Bone tumors cause great pain, promote fractures, and ultimately represent the main cause of morbidity, with a 70% incidence documented by autopsies, according to Gabriela Loots, PhD, an LLNL biomedical scientist and Associate Adjunct Professor at UC Merced.
It has been hypothesized that the bone microenvironment serves as a rich “soil” by secreting factors that promote survival and propagation of cancer cells; in turn, tumors secrete factors that alter the bone microenvironment to promote metastatic colonization. Development of new therapies for the prevention and treatment of prostate cancer bone metastasis depends on understanding the dynamic reciprocal interactions between prostate cancer cells and the bone microenvironment.

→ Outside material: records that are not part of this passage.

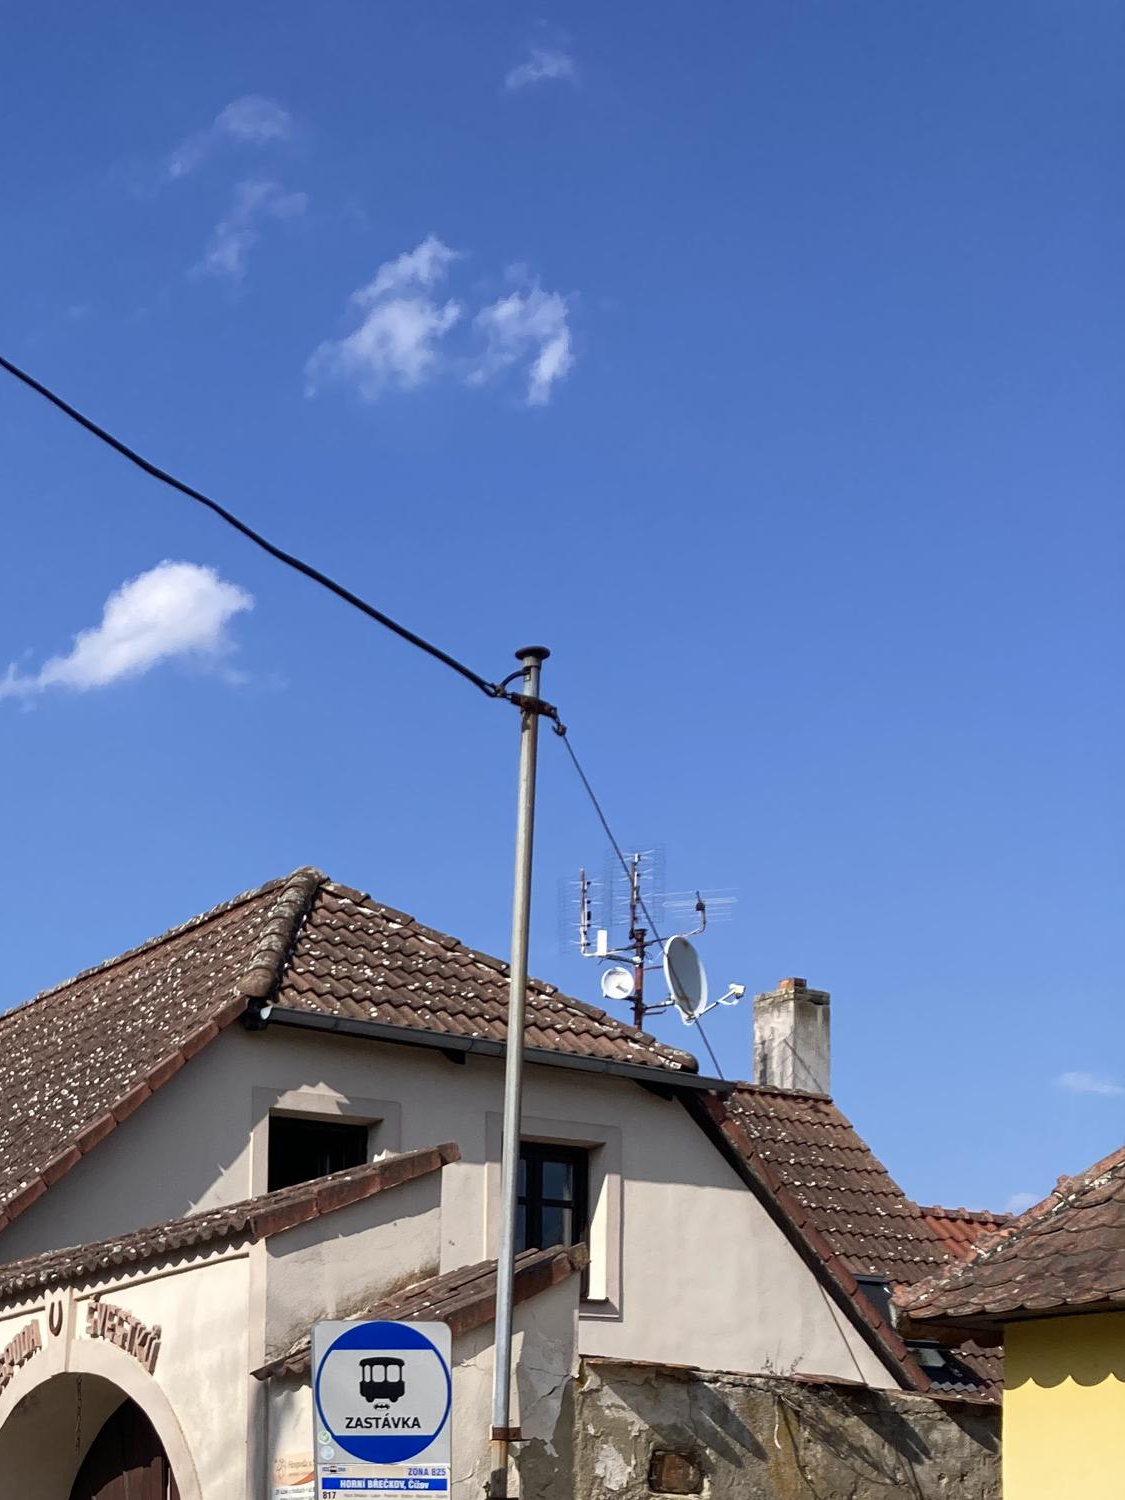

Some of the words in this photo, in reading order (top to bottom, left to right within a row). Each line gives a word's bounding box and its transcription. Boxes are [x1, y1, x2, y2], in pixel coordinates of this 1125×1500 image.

[49, 1300, 63, 1337] U
[345, 1413, 421, 1429] ZASTÁVKA
[408, 1467, 429, 1476] ZONA
[339, 1478, 366, 1489] HORNÍ
[322, 1491, 337, 1499] 817
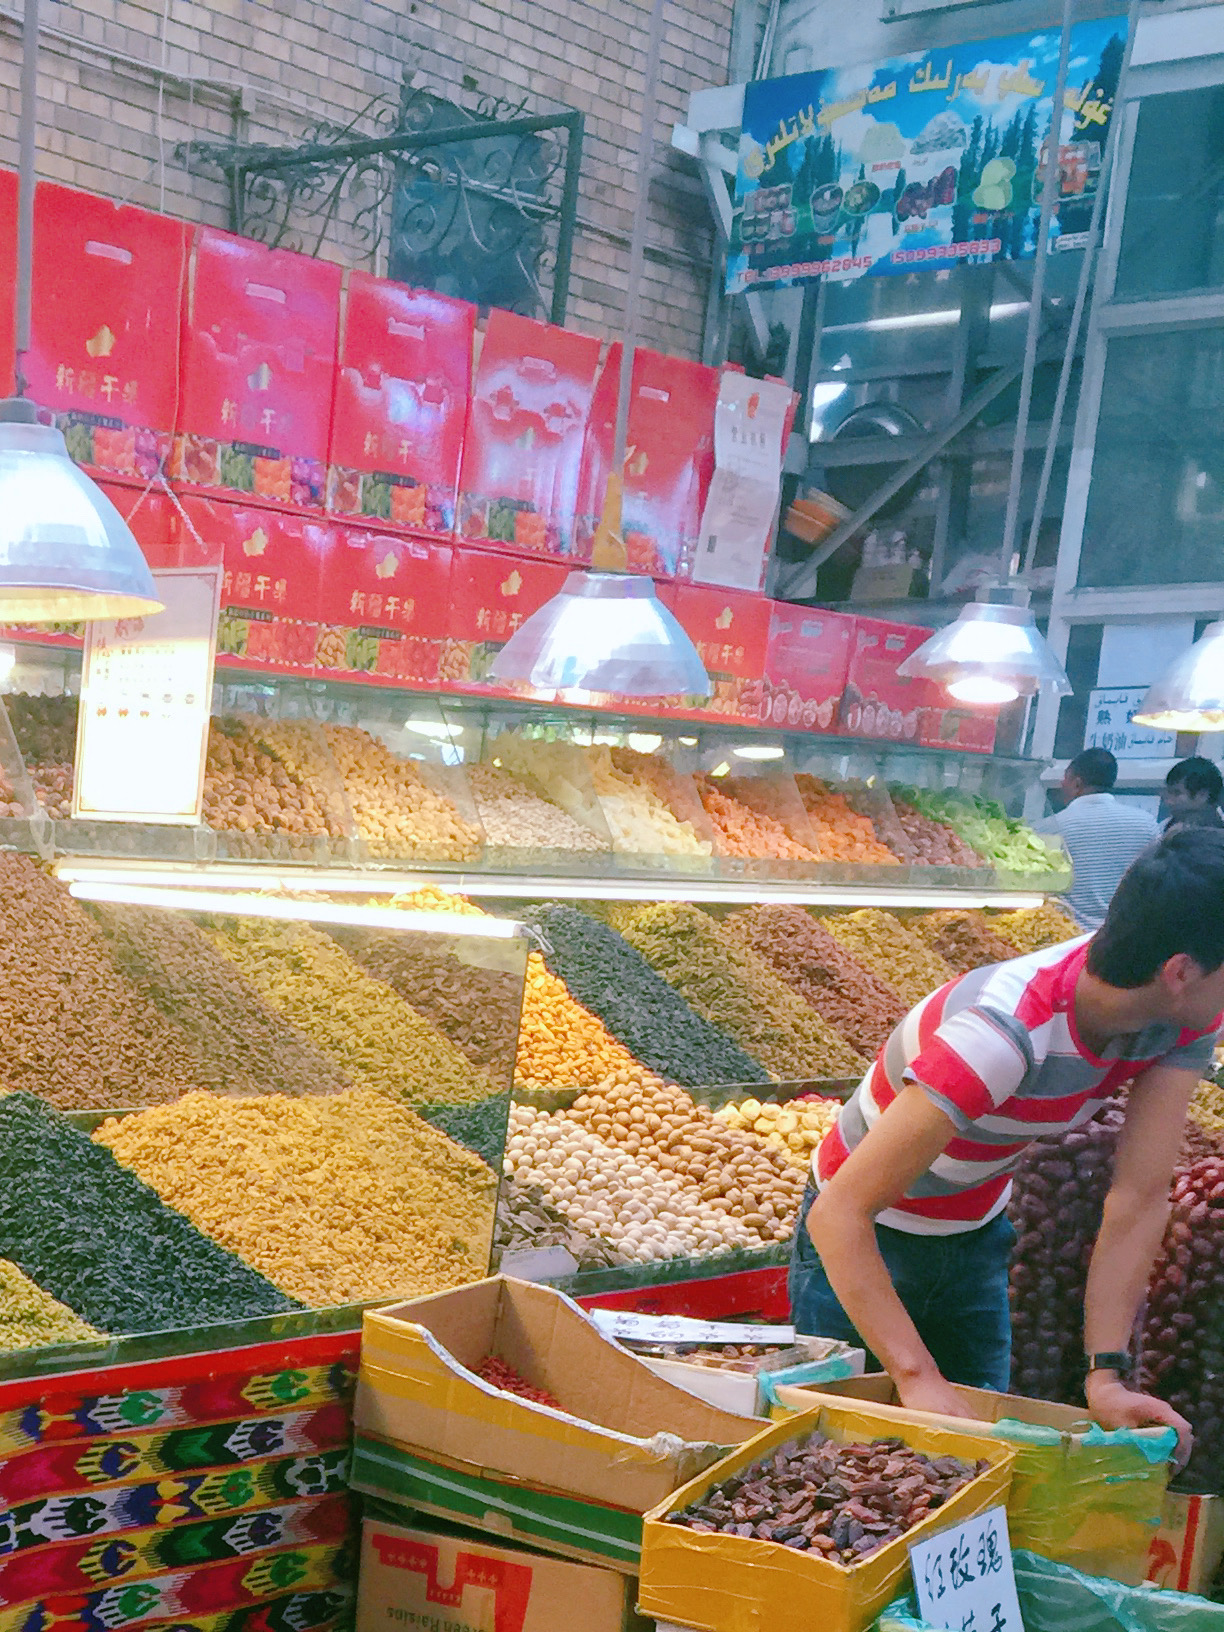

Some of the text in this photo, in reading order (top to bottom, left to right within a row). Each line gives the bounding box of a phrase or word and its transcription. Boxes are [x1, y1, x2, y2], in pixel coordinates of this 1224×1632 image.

[55, 363, 138, 405] 新疆干果
[349, 590, 415, 622] 新疆干果
[475, 607, 524, 633] 新疆干

The first study identified the secreted bone protein sclerostin (SOST) as a key molecule dysregulated as a result of prostate cancer–bone microenvironment interactions.
This study, published in Microarrays, shows that lack of SOST in the bone microenvironment promotes the expression of many genes associated with cell migration and/or invasion, including long noncoding RNA MALAT1 in prostate cancer, suggesting that SOST has an inhibitory effect on prostate cancer invasion.
The second study looked into the role of SOST in regulating prostate cancer invasion and metastasis. Researchers found that SOST inhibits prostate cancer invasion in vitro. To determine whether SOST impacts metastasis in animals, they modified a prostate cancer cell line to overexpress SOST, engrafted various cells lines onto immunodeficient mice, and quantified the rate of secondary tumors and of osteolytic bone lesions. The researchers found that cells producing more SOST had significantly lower rates of metastasis. In addition, it was found that cells expressing more SOST induced significantly less osteolytic bone loss. These results provided strong evidence that SOST has an inhibitory effect on prostate cancer metastasis to bone.